The agreement contained a clause stipulating that Jo & Co were only entitled to sell or advertise other brands in the clothing and textile industry after receiving written consent from DK Company Vejle A/S. The parties agreed that failure to obtain consent was to constitute a material breach of the agreement which entitled DK Company Vejle A/S to terminate the agreement.
When Jo & Co took on another brand without consent from DK Company Vejle A/S, the latter terminated the agreement. The primary dispute in the case was whether the clause requiring written consent was amended due to the principal’s passivity and whether Jo & Co were entitled to compensation and damages for goodwill following the termination, cf. the Danish Commercial Agent Act section 25.

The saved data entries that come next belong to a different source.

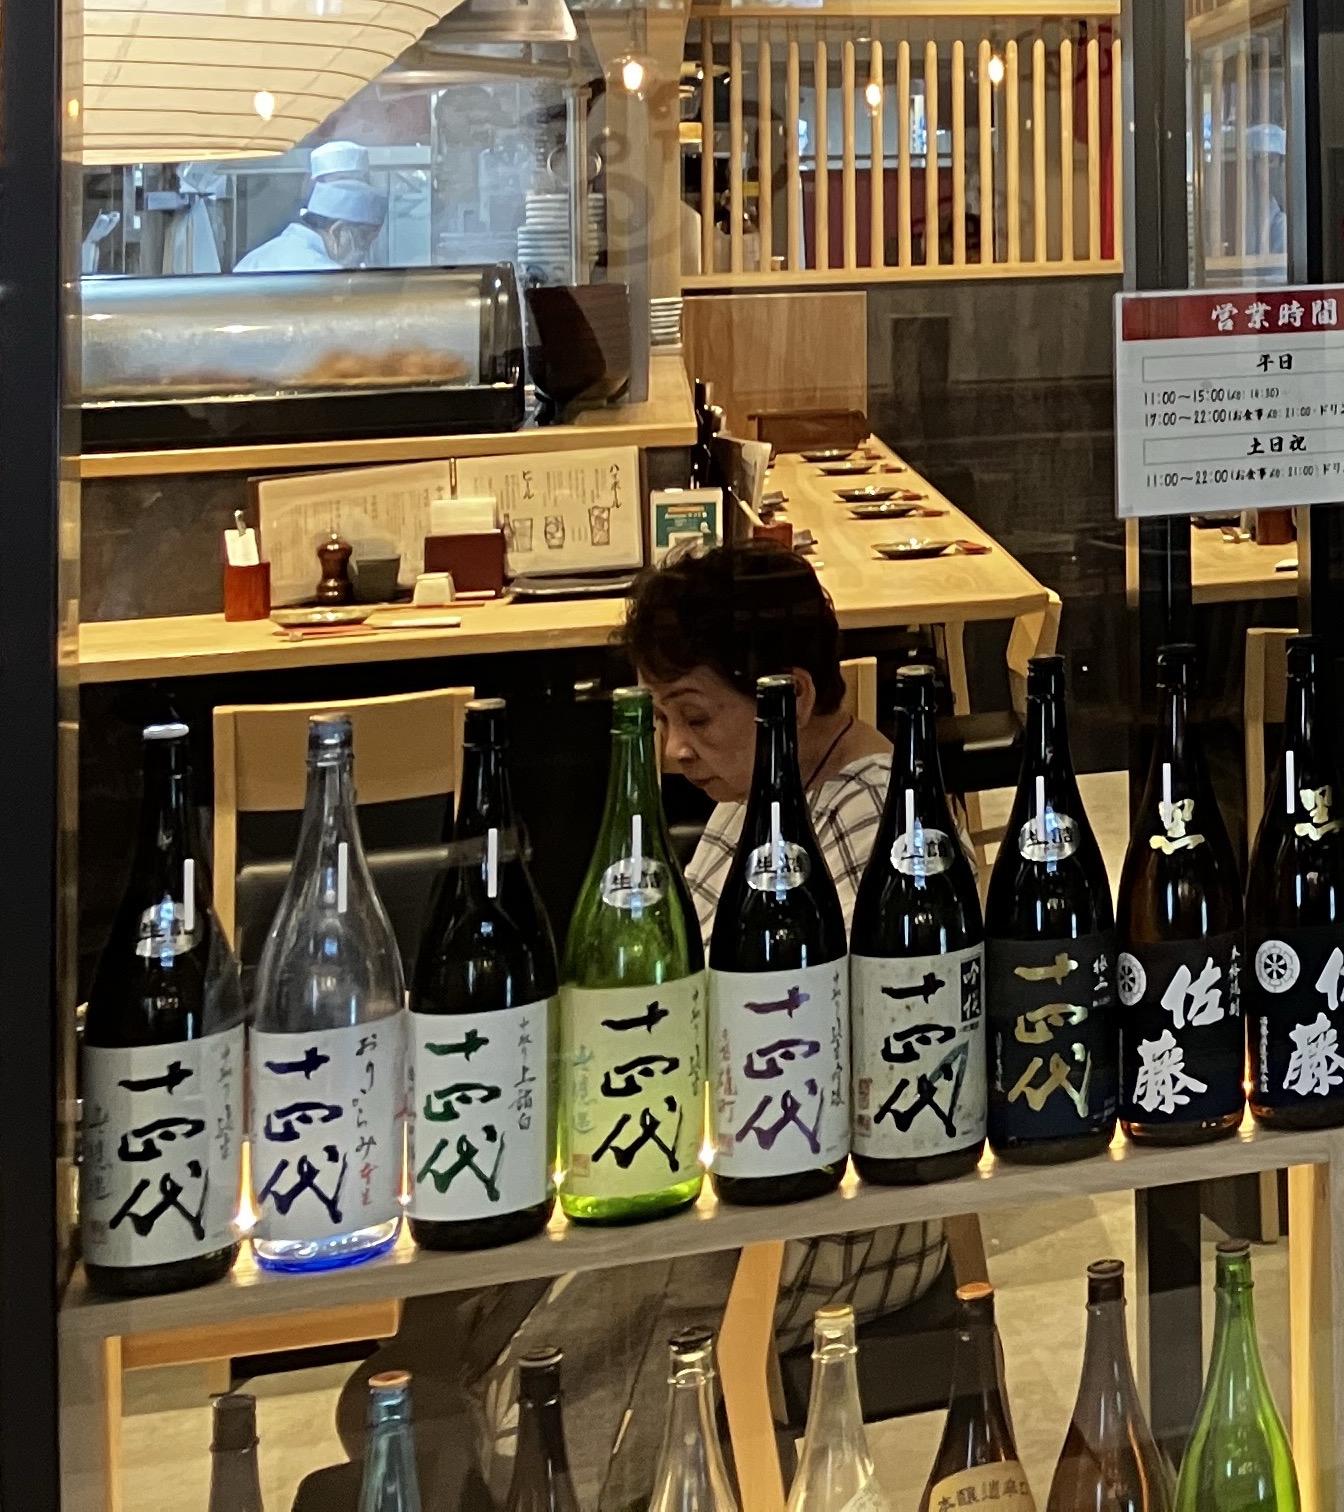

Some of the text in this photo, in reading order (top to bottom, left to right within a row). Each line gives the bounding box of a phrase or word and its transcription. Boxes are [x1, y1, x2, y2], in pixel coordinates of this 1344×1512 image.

[1210, 297, 1339, 332] 営業時間
[1256, 353, 1294, 373] 平日
[1246, 434, 1308, 456] 土日祝
[416, 1028, 504, 1203] 十四代
[591, 1000, 684, 1173] 十四代
[735, 985, 821, 1155] 十四代
[873, 972, 957, 1139] 十四代
[1007, 952, 1094, 1119] 十四代
[1132, 956, 1227, 1115] 佐藤
[109, 1060, 207, 1242] 十四代
[258, 1046, 344, 1225] 十四代
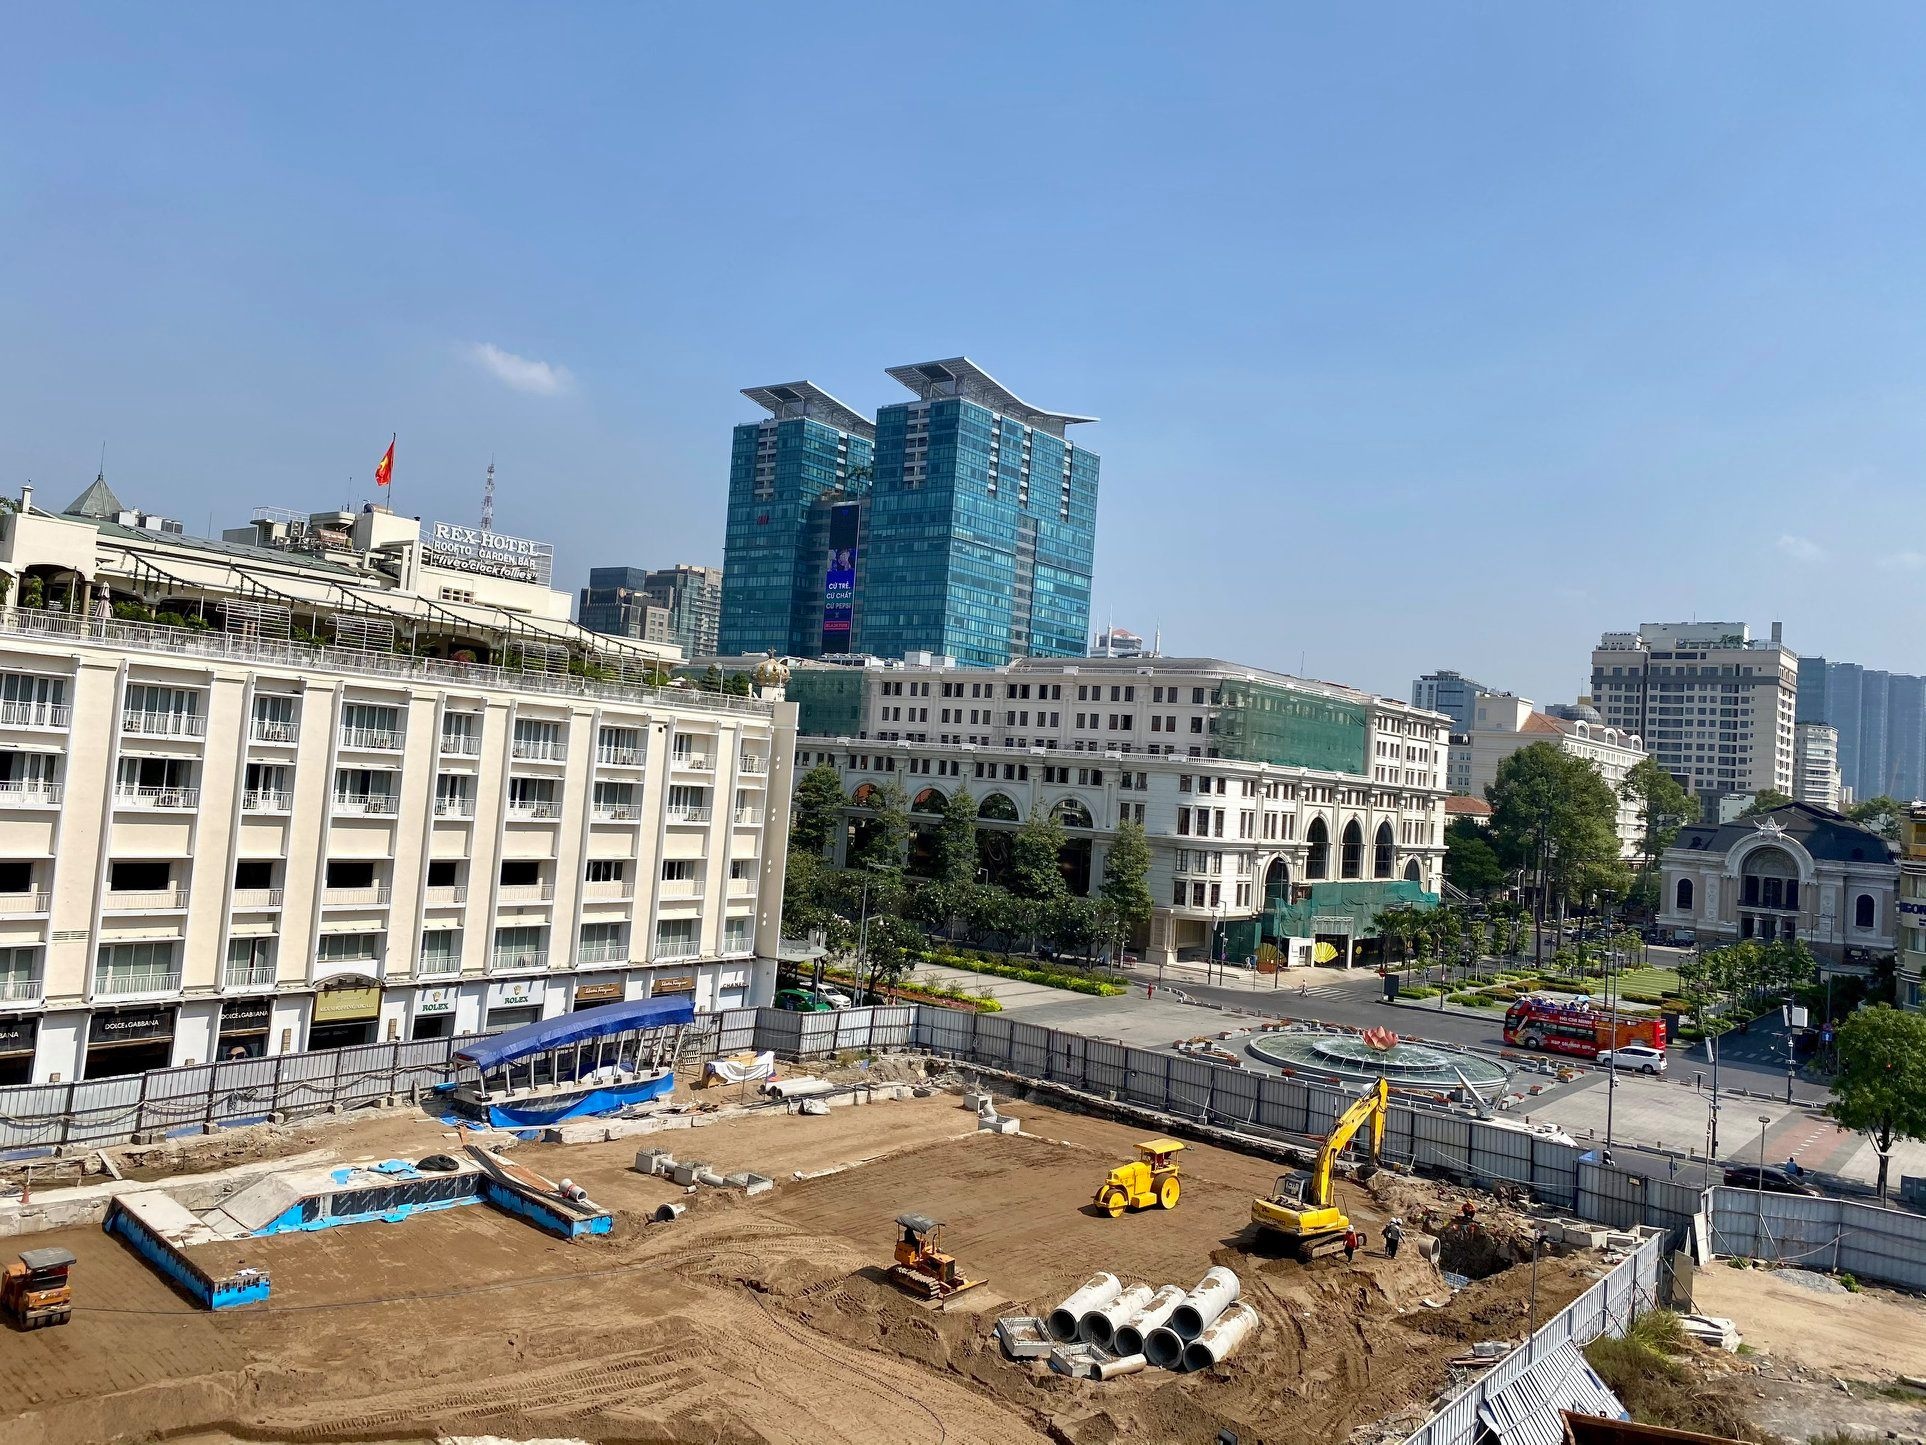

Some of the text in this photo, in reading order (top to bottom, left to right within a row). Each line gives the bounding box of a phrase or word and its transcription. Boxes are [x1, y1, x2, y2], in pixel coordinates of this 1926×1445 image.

[436, 523, 538, 556] REX HOTEL
[479, 549, 517, 566] GARDEN
[518, 556, 536, 570] BAR
[422, 1003, 449, 1012] ROLEX
[504, 996, 528, 1004] ROLEX

The agreement had been in force for 10 years, and Jo & Co had taken on other brands several times without objection from DK Company Vejle A/S. Additionally, Jo & Co had been recognized by DK Company Vejle A/S as a “multi-brand agent” during negotiations. However, the Danish Supreme Court found that the clause requiring consent to take on new brands had not been changed because of passivity. Consequently, the termination was justified, and Jo & Co did not have a claim on goodwill indemnification following termination.

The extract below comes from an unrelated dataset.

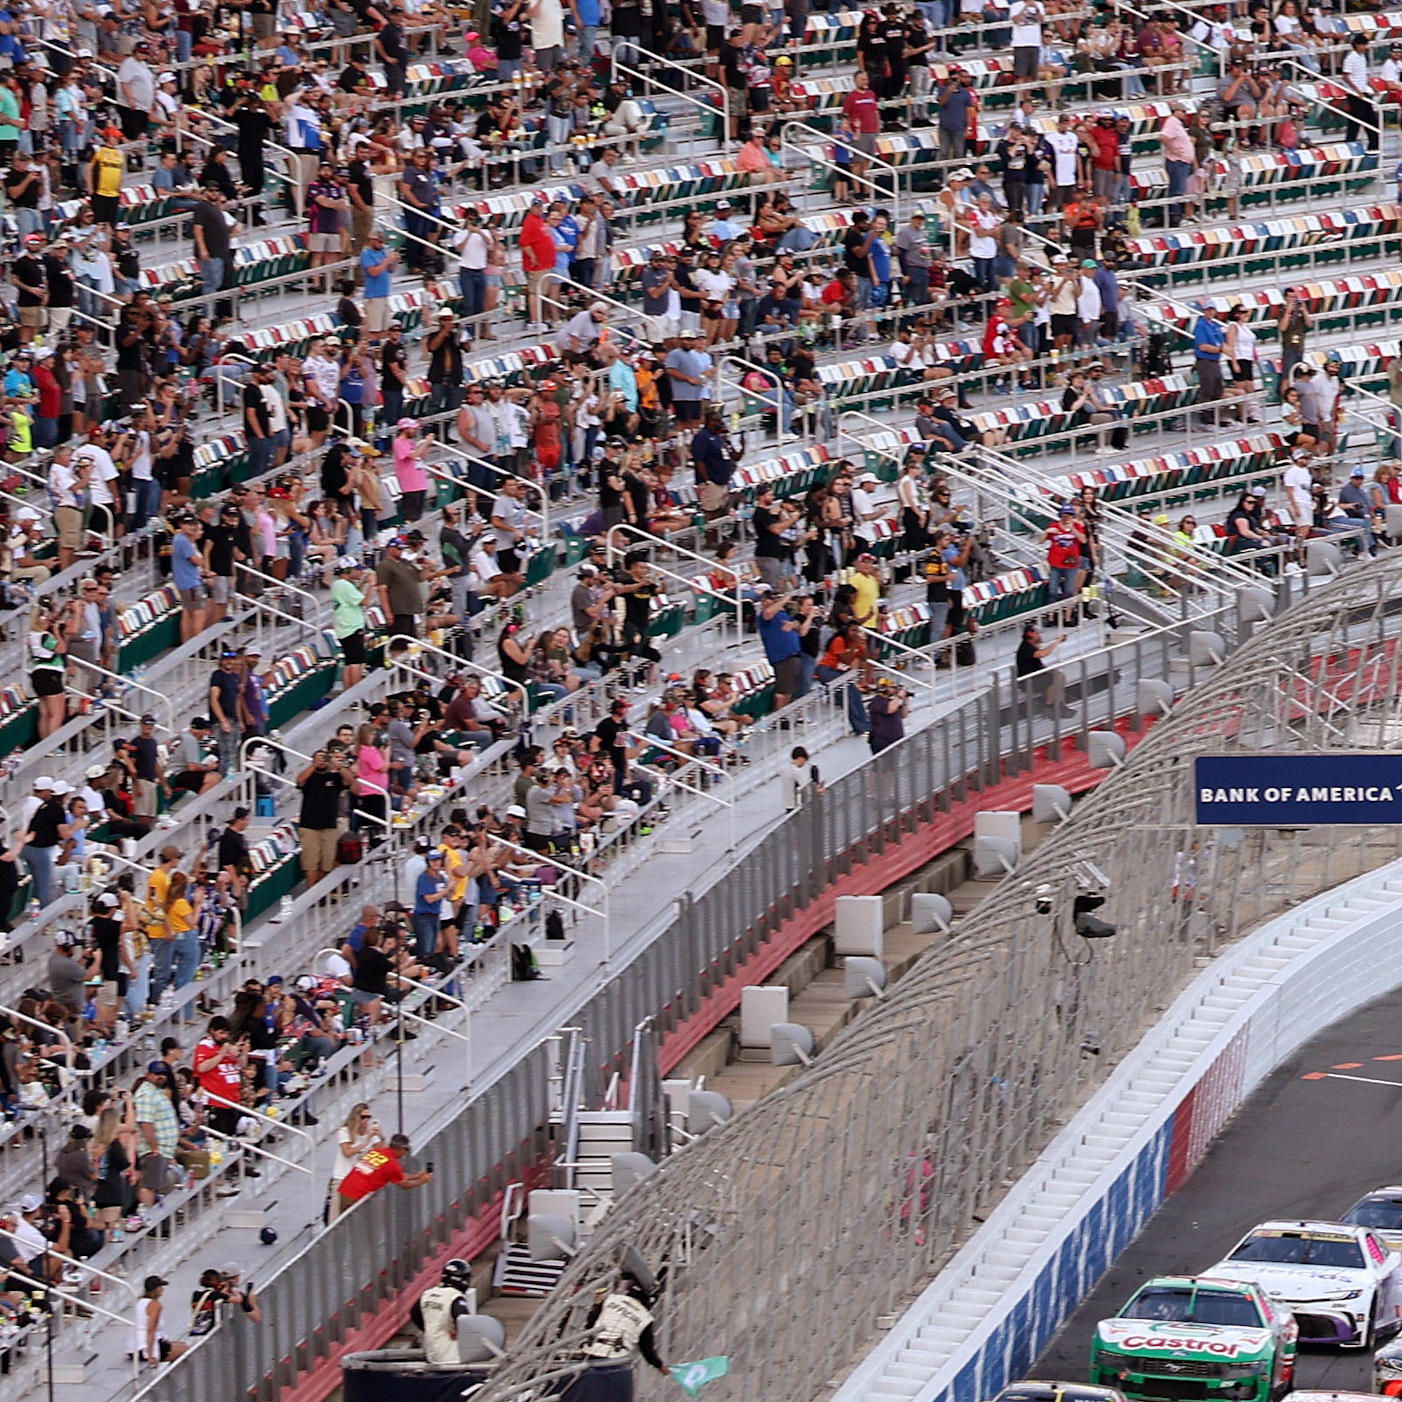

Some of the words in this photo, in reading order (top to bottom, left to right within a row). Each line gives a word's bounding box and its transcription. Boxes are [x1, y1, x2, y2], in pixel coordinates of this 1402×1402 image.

[1200, 788, 1260, 803] BANK
[1264, 787, 1293, 802] OF
[1296, 787, 1394, 802] AMERICA
[1123, 1336, 1240, 1356] Castrol

The question of goodwill indemnification pursuant to the Danish Commercial Agent Act section 25 was assessed with reference to section 27, subsection 1 of the act, which removes the agent’s right to indemnification in cases where the principal terminates the agreement due to the agent’s material breach. The Supreme Court found that a breach of the clause in question constituted a material breach of Jo & Co’s obligations under the agreement.
The agreement highlights the Danish courts’ restrictive interpretation of the principles of passivity, and that the parties’ written agreement as a predominant general rule must be adhered to.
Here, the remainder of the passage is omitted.